An Angkorian-era silver plate which has been returned to the Kingdom by a Hungarian businessman and collector.

While many treasures of the Angkorian-era reside in museums and private collections, one small but important artifact has been returned to its mother country.

An eleven-centimeter diameter silver plate, decorated with lotus flowers and plated with gold, has been donated to the National Museum in Phnom Penh by Hungarian collector and businessman Zelnik István, the founder of the private Southeast Asian Gold Museum in Budapest.

Originally, there were eight lotus flowers carved on the plate, but three of them have become detached. A needle-like iron strap has been attached at some stage, but  nobody knows why this was added.      

Tit Sokha, 31, an official at the museum said that Cambodia, in conjunction with international heritage organisations and national governments, has worked to get artefacts which have been lost during the many decades of civil war returned to the Kingdom.    

“We have received artefacts from various countries, especially the US, Britain and France. Some objects were received from country counterparts or organisations while others came from ordinary people. They bought those Cambodian artefacts from flea market or obtained them from illegal traffickers. Most objects we receive are sculptures, but this time we got the silver plate,” he said.
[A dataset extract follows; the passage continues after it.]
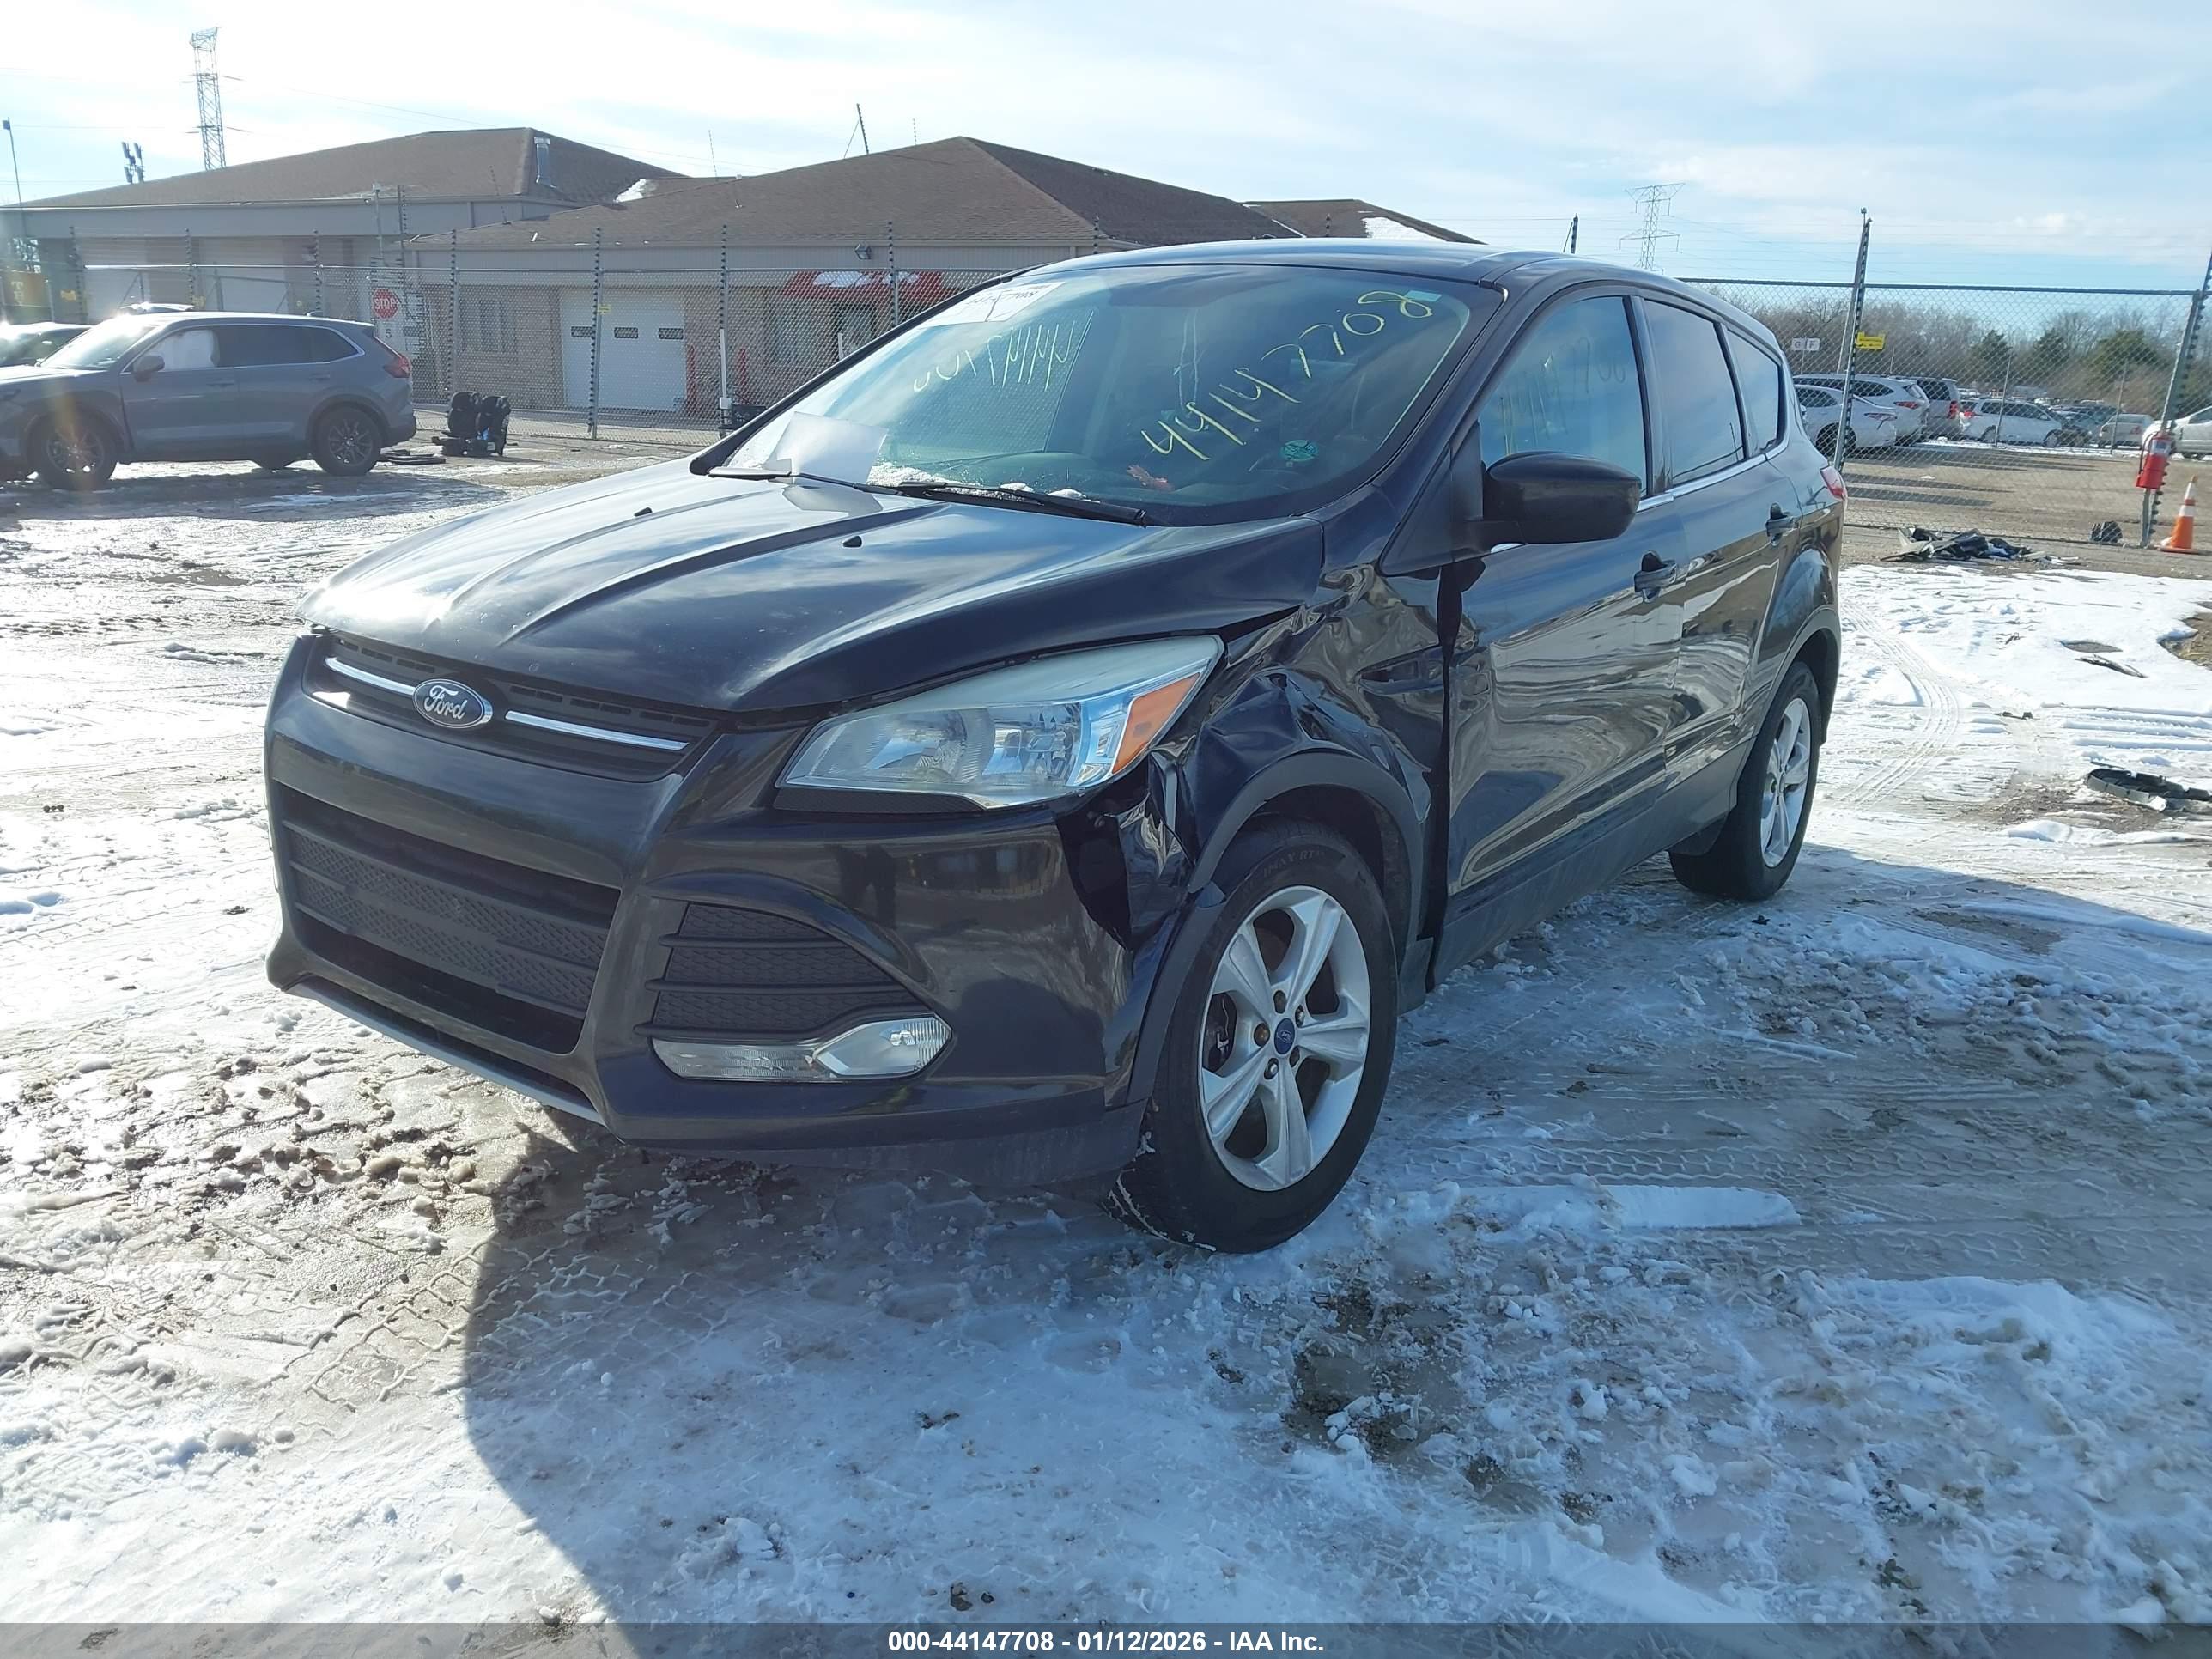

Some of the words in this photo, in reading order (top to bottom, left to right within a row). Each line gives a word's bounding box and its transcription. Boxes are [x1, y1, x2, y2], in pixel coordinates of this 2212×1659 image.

Tit Sokha said that Zelnik István bought the silver plate, weighing 63 grams, from a market in Bangkok in 1970. The vender told him that they got it around Banteay Chhmar temple, near the border with Thailand. The object was clearly Cambodian in origin due to the two lines of ancient Khmer script inscribed on it.

“Through the scripts on the plate, they can recognise that the object came from the Angkorian era, decorated in the Bayon style,” Tit Sokha said, adding that, “a translation of the script on the plate tells us that in 1199 Jayavarman VII offered it as a royal gift to his grandmother who lived in a village around Banteay Chhmar sanctuary.”

In 2009 the government published the Red Dossier, which lists one hundred artefacts that have been lost in an attempt to raise awareness of these objects in an attempt to have them returned.

“I’m proud of them. Some people are not Cambodian, but they understand clearly about culture, arts and history. They love it and they help to protect our heritage for all humans. This object is significant historical evidence because it tells us about our history and it also joins us as part of a historical process,” he said.    

The plate will be displayed for three months and then taken to a workshop to be repaired and restored. You can view the plate in the fourth cupboard on the left-hand side of the museum.